Holy fuck. Robert quaked. The Pastor on the street corner, hollering at the fiends, was right. Hell has descended onto the Material world, because everyone and their dog was hustling and pimping, and paid no heed to the teachings of th Nazarene.
This creature was an emissary of hell, and THE END the Pastor spoke of was NIGH.
Roberto’s knees were jelly.
As protestive as his mind was, his body was ripe for the rapture.
Gingerly, the demonic, faceless dog came closer.
Roberto backed away until his face was pressed against a filthy wall, smelling the dumper's juices smeared across its moss-covered surface.

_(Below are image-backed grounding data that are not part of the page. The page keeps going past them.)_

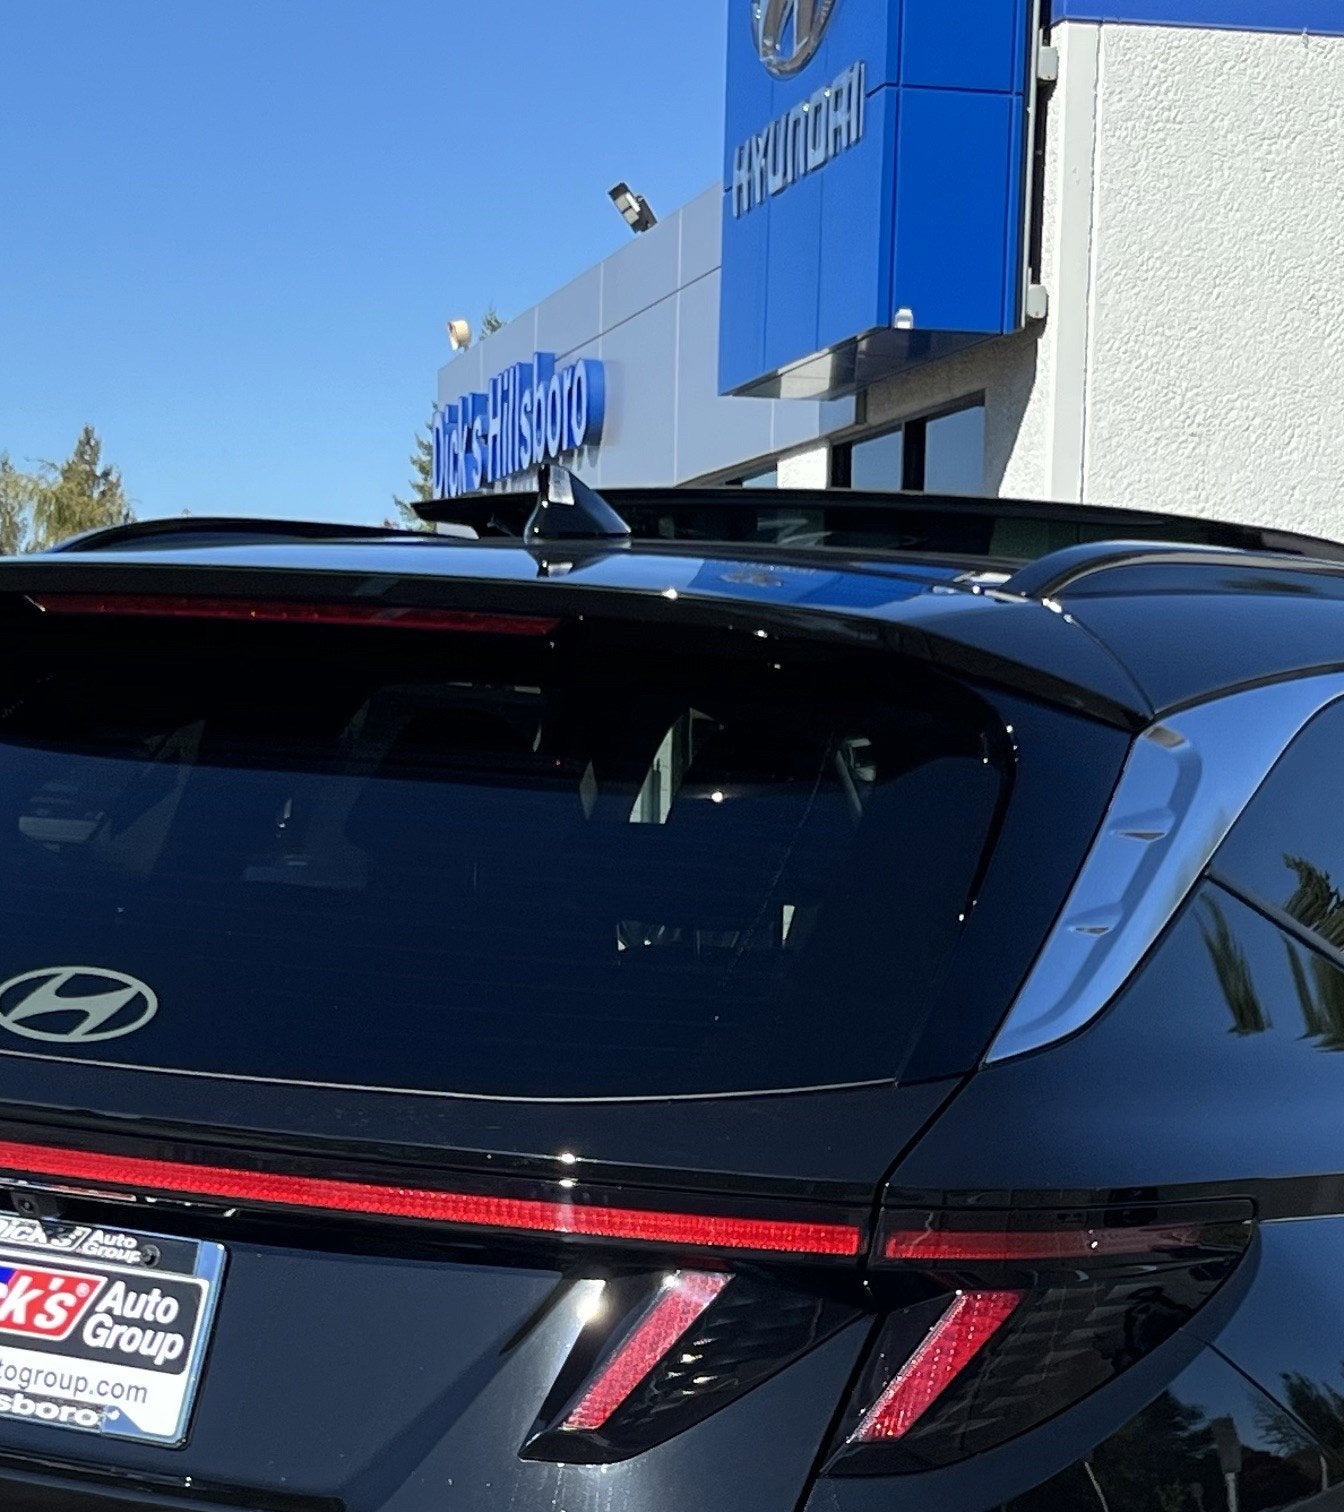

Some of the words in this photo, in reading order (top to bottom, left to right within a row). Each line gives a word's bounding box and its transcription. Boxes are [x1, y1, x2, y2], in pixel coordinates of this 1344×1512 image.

[732, 60, 866, 219] HYUNDAI
[432, 392, 483, 499] Dick's
[487, 352, 589, 483] Hillsboro
[89, 1229, 138, 1249] Auto
[94, 1280, 179, 1324] Auto
[83, 1314, 184, 1365] Group
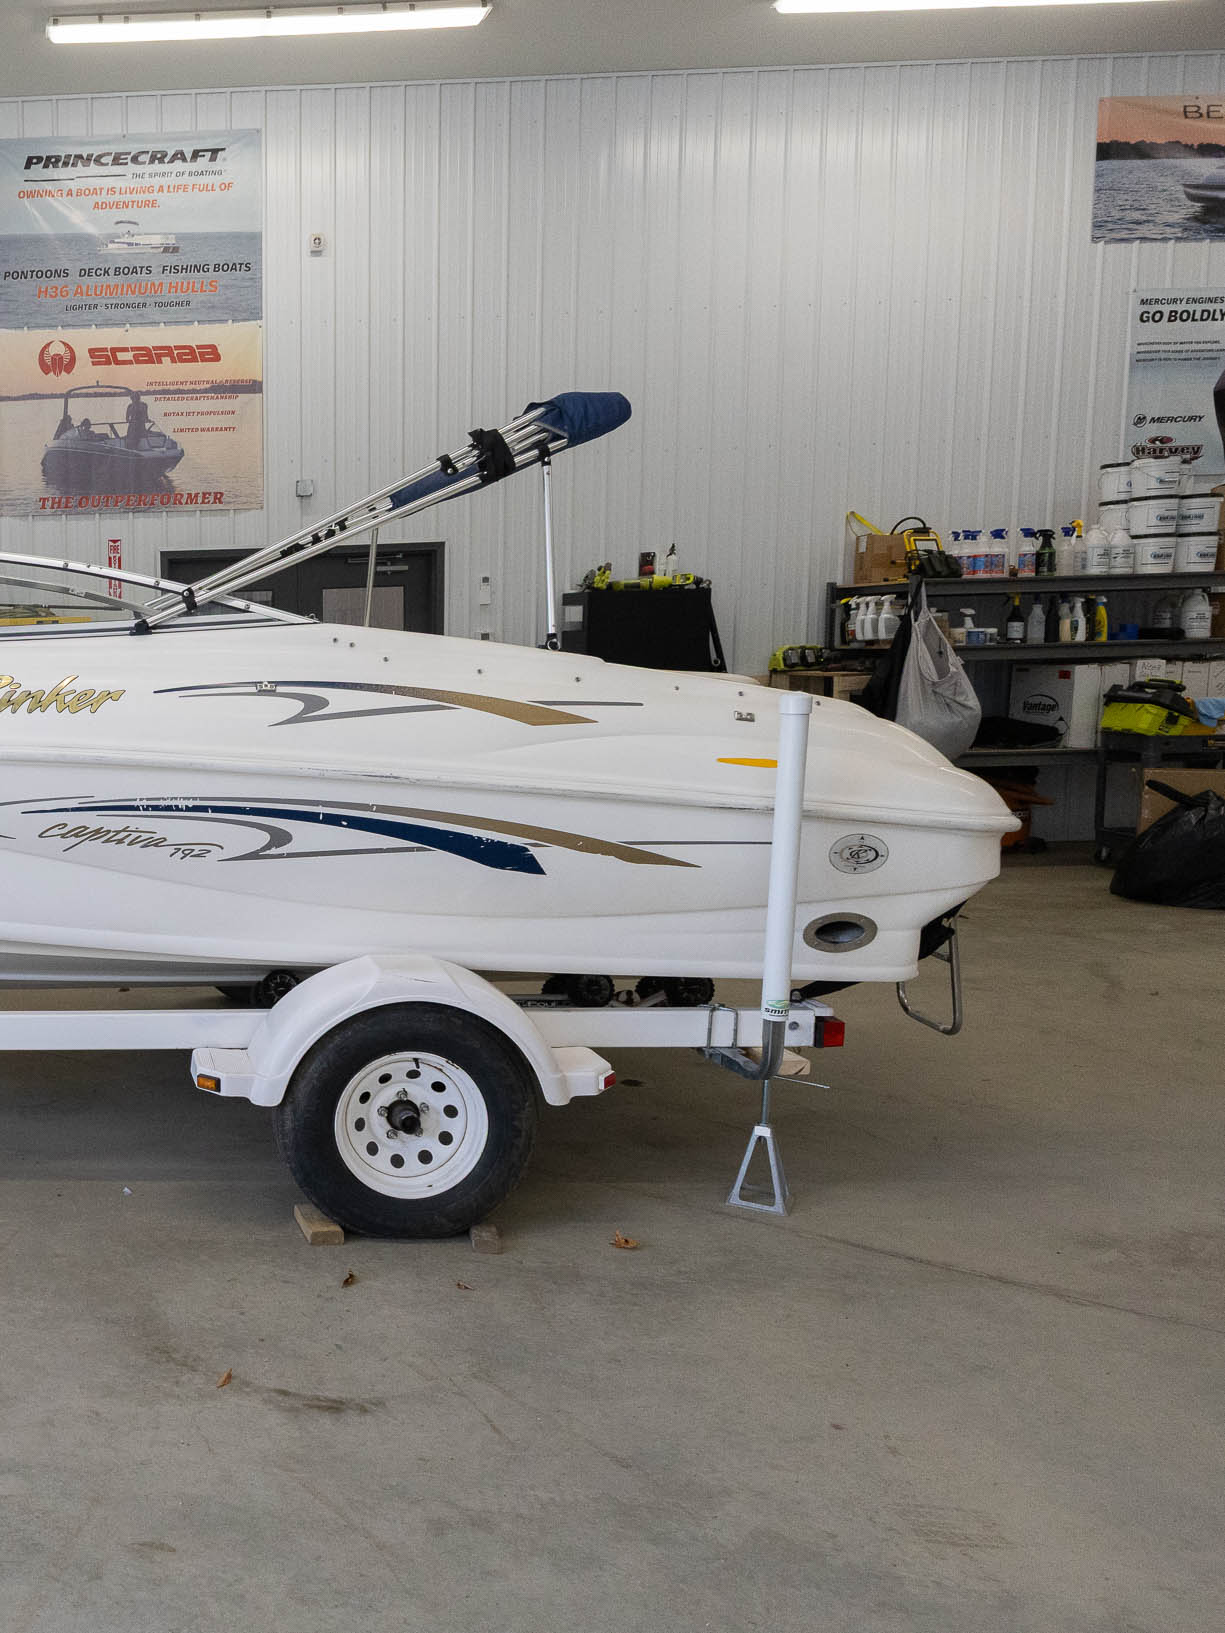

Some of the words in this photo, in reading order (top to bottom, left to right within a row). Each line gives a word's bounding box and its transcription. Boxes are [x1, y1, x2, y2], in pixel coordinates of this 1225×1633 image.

[24, 147, 226, 170] PRINCECRAFT
[131, 172, 146, 180] THE
[148, 171, 173, 179] SPIRIT
[175, 170, 186, 178] OF
[188, 169, 223, 177] BOATING
[17, 188, 64, 200] OWNING
[65, 187, 73, 198] A
[76, 186, 104, 198] BOAT
[106, 186, 117, 196] IS
[119, 185, 155, 196] LIVING
[156, 184, 164, 194] A
[167, 184, 189, 194] LIFE
[191, 182, 216, 193] FULL
[218, 182, 234, 191] OF
[92, 199, 161, 211] ADVENTURE.
[3, 268, 70, 281] PONTOONS
[78, 267, 111, 278] DECK
[113, 265, 153, 277] BOATS
[161, 264, 210, 275] FISHING
[213, 262, 252, 274] BOATS
[36, 284, 69, 299] H36
[73, 281, 163, 298] ALUMINUM
[167, 280, 219, 294] HULLS
[65, 303, 99, 312] LIGHTER
[104, 301, 147, 311] STRONGER
[154, 300, 191, 308] TOUGHER
[1139, 297, 1184, 306] MERCURY
[1185, 296, 1225, 305] ENGINES
[1139, 310, 1164, 323] GO
[1167, 308, 1225, 323] BOLDLY
[87, 344, 222, 366] SCARAB
[1148, 415, 1205, 424] MERCURY
[1133, 444, 1202, 459] Harvey
[38, 496, 74, 510] THE
[77, 491, 225, 509] OUTPERFORMER

He was crying, or not, he couldn’t tell between the water filling his vision, and the snot and bile bubbling from his nose and throat. His world was one of sheer vertigo; he was falling or ascending, or both.
The demon dog opened its carapace mouth.
From within, a pair of pink tongues, each armed with its own circular disk-mouth, extended forward to taste Roberto as he rapidly discharged every type of fluid his body possessed. The appendage was still soaked in the gore of its previous victim, with unthinkable things dangling from its barbed, girthy self.
An inch away, the mouth-within-the-mouths stopped.
The dog cocked its head quizzically.
“Civilian,” the tongue spoke with a friendly, female voice, as though Persephone was whispering to a mortal lover from the abyss of Hades. The experience would have been pleasant, were it not for goo and gore spluttering his ear and running down his chin. “Come with me if you want to live.”